### Problem description
Each line of the records must appear in your answer exactly, with no pictures.

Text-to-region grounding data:

===

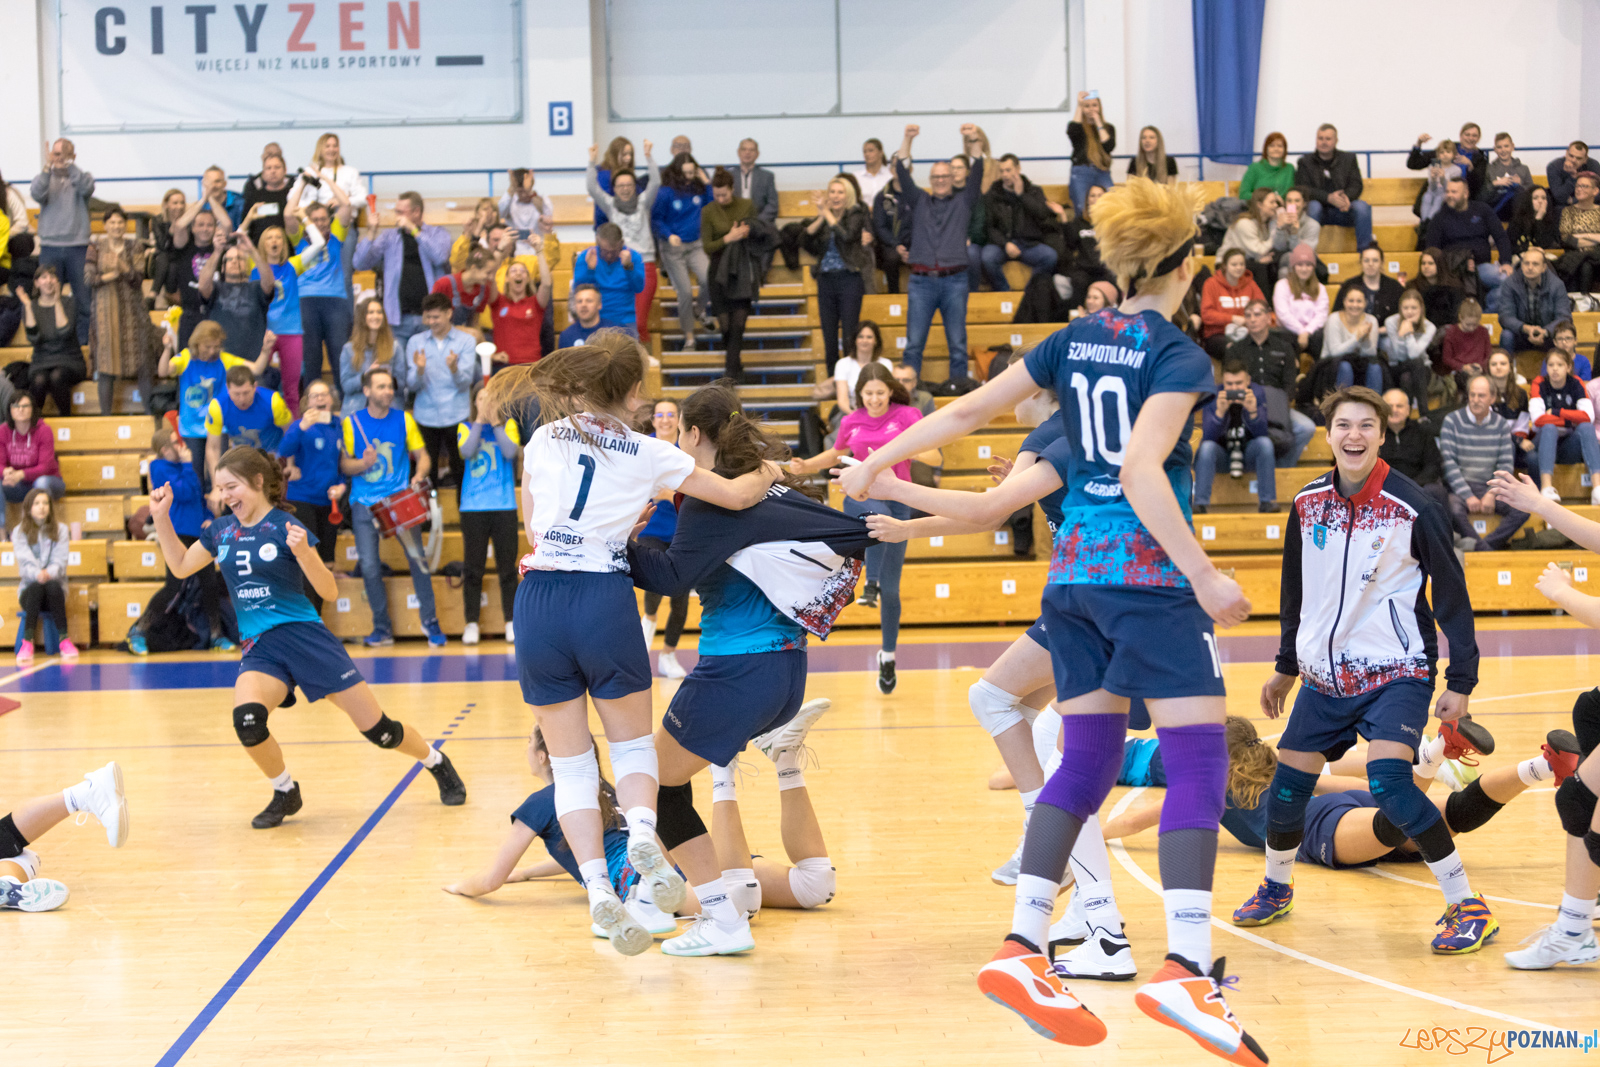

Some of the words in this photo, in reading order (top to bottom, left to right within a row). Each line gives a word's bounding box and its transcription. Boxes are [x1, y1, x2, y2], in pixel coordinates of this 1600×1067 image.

[94, 1, 420, 55] CITYZEN
[196, 57, 249, 72] WIĘCEJ
[290, 56, 330, 69] KLUB
[338, 55, 422, 69] SPORTOWY
[553, 106, 569, 131] B
[1070, 372, 1132, 467] 10
[551, 426, 639, 457] SZAMOTULANIN
[568, 453, 597, 521] 1
[543, 530, 584, 545] AGROBEX
[235, 550, 253, 576] 3

===

### Problem solution
Some of the words in this photo, in reading order (top to bottom, left to right within a row). Each line gives a word's bounding box and its transcription. Boxes are [x1, y1, x2, y2], in pixel coordinates of this 1600×1067 image.

[94, 1, 420, 55] CITYZEN
[196, 57, 249, 72] WIĘCEJ
[290, 56, 330, 69] KLUB
[338, 55, 422, 69] SPORTOWY
[553, 106, 569, 131] B
[1070, 372, 1132, 467] 10
[551, 426, 639, 457] SZAMOTULANIN
[568, 453, 597, 521] 1
[543, 530, 584, 545] AGROBEX
[235, 550, 253, 576] 3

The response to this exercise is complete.